Conversely, seats that were formerly considered safe for one party may become swing seats. For instance, Orange County, California, was traditionally a Republican stronghold, and most of its congressional seats were solidly Republican for decades. However, demographic changes, particularly Democratic strength with Hispanic and Asian voters, have eroded Republican dominance of the county as of 2018; Hillary Clinton won it in 2016, becoming the first Democratic presidential nominee to do so since Franklin D. Roosevelt in 1936, while Democrats, for the first time in many years, swept all of its congressional seats in the 2018 midterms.
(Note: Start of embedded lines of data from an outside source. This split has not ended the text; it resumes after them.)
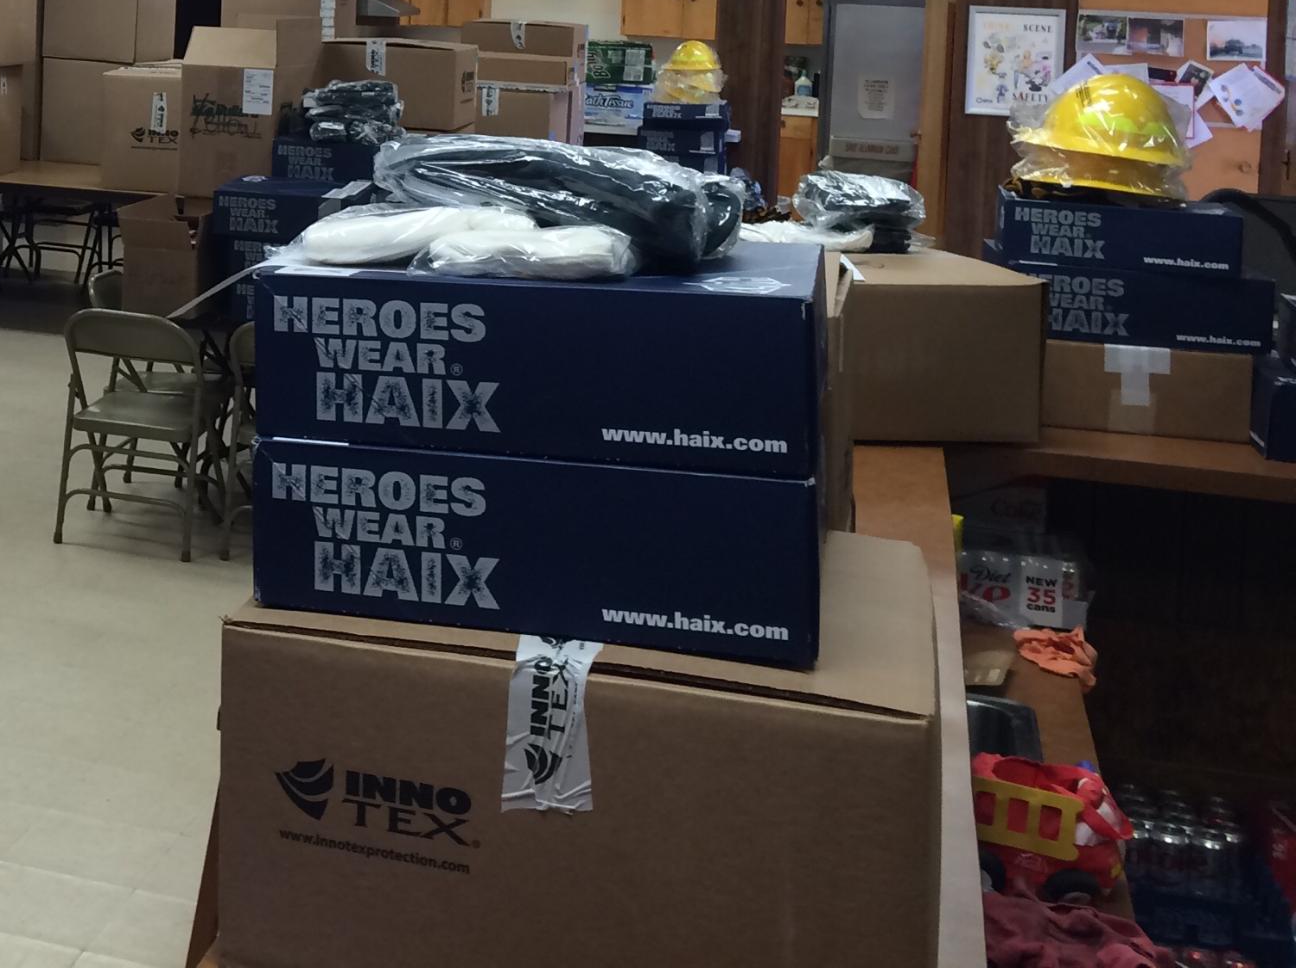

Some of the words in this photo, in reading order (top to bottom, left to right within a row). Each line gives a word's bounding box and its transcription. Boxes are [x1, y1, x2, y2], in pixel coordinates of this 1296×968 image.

[1023, 23, 1052, 33] SCENE
[277, 144, 333, 159] HEROES
[288, 156, 322, 167] WEAR
[287, 167, 335, 182] HAIX
[218, 195, 277, 211] HEROES
[230, 206, 267, 219] WEAR
[229, 216, 279, 235] HAIX
[1014, 206, 1103, 228] HEROES
[1031, 222, 1086, 239] WEAR
[1029, 235, 1106, 261] HAIX
[1142, 255, 1230, 271] www.haix.com
[273, 294, 488, 343] HEROES
[1175, 332, 1262, 350] www.haix.com
[315, 371, 502, 433] HAIX
[601, 427, 788, 454] www.haix.com
[271, 461, 488, 517] HEROES
[313, 539, 501, 611] HAIX
[969, 564, 1012, 584] Diet
[1025, 575, 1058, 588] NEW
[1027, 586, 1056, 606] 35
[1026, 602, 1056, 614] cans
[600, 607, 790, 642] www.haix.com
[530, 656, 554, 737] INNO
[548, 656, 570, 740] TEX
[344, 769, 472, 816] INNO
[341, 797, 474, 847] TEX
[278, 828, 472, 875] www.innotexprotection.com
Marginal seats only require a small swing to change hands and therefore are typically the focus of most campaign resources. The concentration of money and human resources in areas where they will make the most difference is known as targeting.

==Strategies for securing marginal seats==
The creation of policy that will benefit a particular seat, at the expense of other taxpayers, is known as pork barreling.

Political parties often face tension between the holders of marginal seats and safe seats. Safe seats tend to be allocated far less discretionary resources—governmental as well as political—from their political party than do marginal seats.

A similar phenomenon happens in United States presidential elections, where the Electoral College system means that candidates must win states rather than the popular vote. Again, resources are concentrated towards the swing states with the smallest majorities.